É impossível falar da apresentação masculina do programa sem evocar a imagem de Cid Moreira, que foi o rosto mais emblemático da atração. Por décadas, sua voz inconfundível e grave narrou os fatos mais bizarros e as notícias mais importantes do mundo, criando uma identidade sonora que perdura até hoje. Ao seu lado, Sérgio Chapelin também se tornou sinônimo de credibilidade e elegância, participando de momentos históricos e consolidando o formato de revista eletrônica que mistura jornalismo denso com entretenimento leve nas noites de domingo.
A evolução do formato trouxe novas posturas e perfis para a bancada. Nos anos 1990 e 2000, Zeca Camargo assumiu o posto e foi fundamental para imprimir um tom mais informal, viajante e “pop” ao programa, conectando a atração com a cultura global e a internet que nascia. Mais recentemente, Tadeu Schmidt revolucionou a forma de se comunicar com o telespectador, ficando à frente do “Fantástico” por quase uma década. Tadeu destacou-se pela comunicação direta, o humor com os Cavalinhos do Brasileirão e a leveza, antes de migrar para o entretenimento no “Big Brother Brasil”.

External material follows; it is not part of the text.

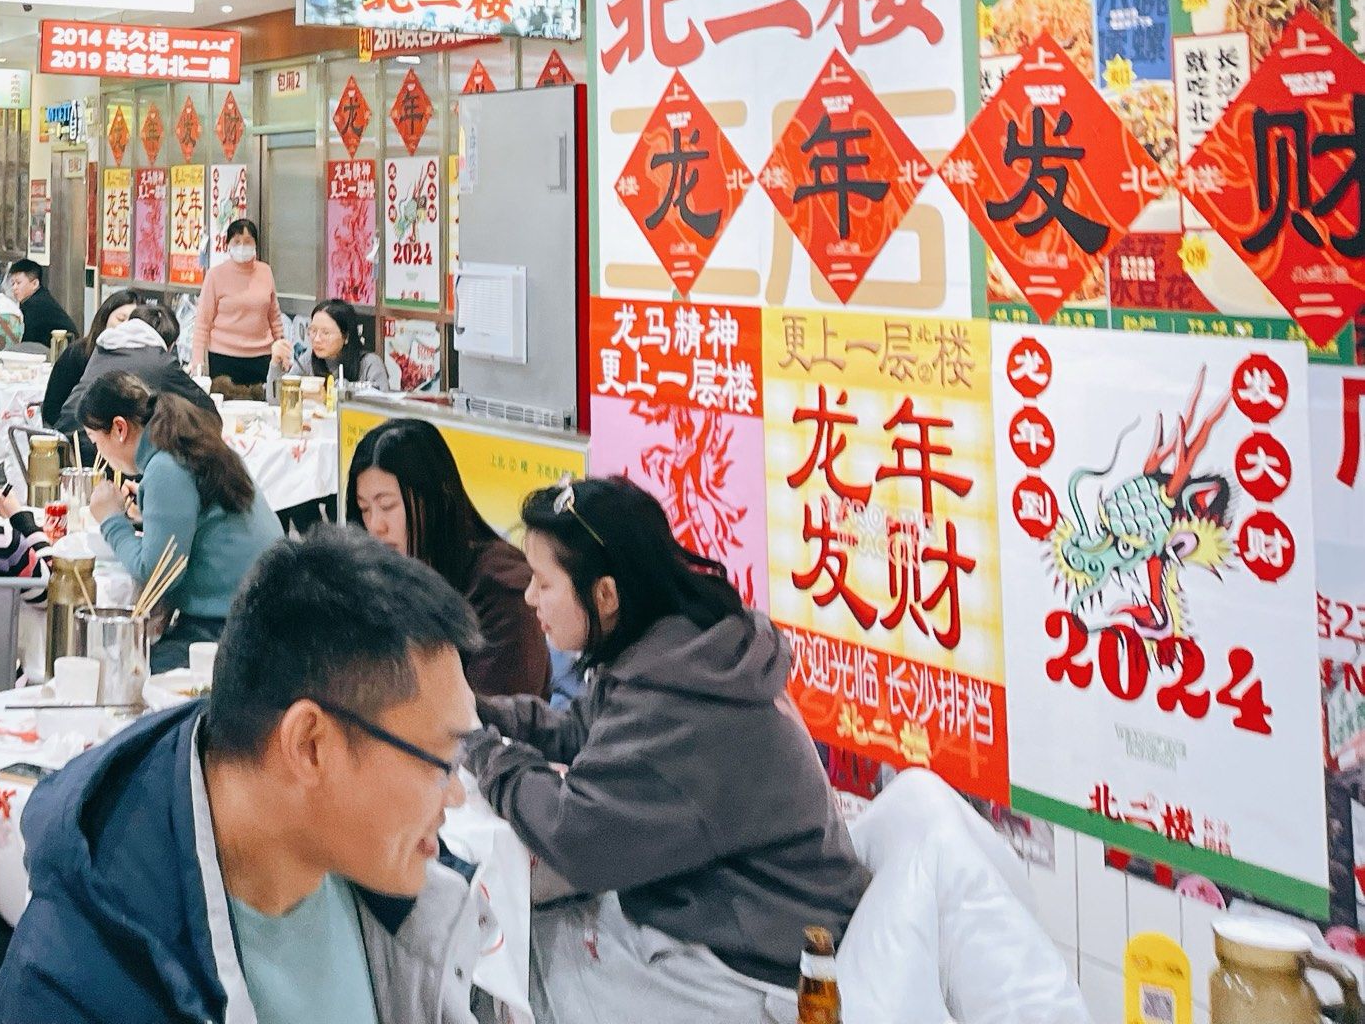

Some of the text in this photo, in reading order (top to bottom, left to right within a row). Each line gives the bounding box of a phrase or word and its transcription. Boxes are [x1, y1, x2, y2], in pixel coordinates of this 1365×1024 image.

O Futuro do Fantástico e a Renovação Necessária
A performance de Rodrigo Carvalho reacende a discussão sobre a necessidade constante de renovação dos formatos televisivos para manter a relevância na era do streaming. O público demonstrou, através das redes sociais, que está sedento por novos rostos que aliem a competência jornalística tradicional com uma leveza contemporânea. A aprovação imediata do correspondente de Londres sugere que o telespectador valoriza profissionais que “põem a mão na massa” e trazem a vivência da rua para dentro do estúdio, quebrando a rigidez do âncora clássico.
Se a Globo decidirá efetivar Rodrigo ou Felipe Santana no futuro, apenas o tempo e as pesquisas internas dirão. Contudo, o recado dado pela audiência no último domingo de 2025 foi claro: a qualidade e o carisma são reconhecidos instantaneamente. O “Fantástico” entra em 2026 com um leque de opções talentosas em seu próprio elenco, provando que a sua renovação pode vir de dentro, valorizando pratas da casa que brilham ao redor do mundo e que, agora, provaram que também sabem brilhar sob os holofotes do estúdio mais famoso do país.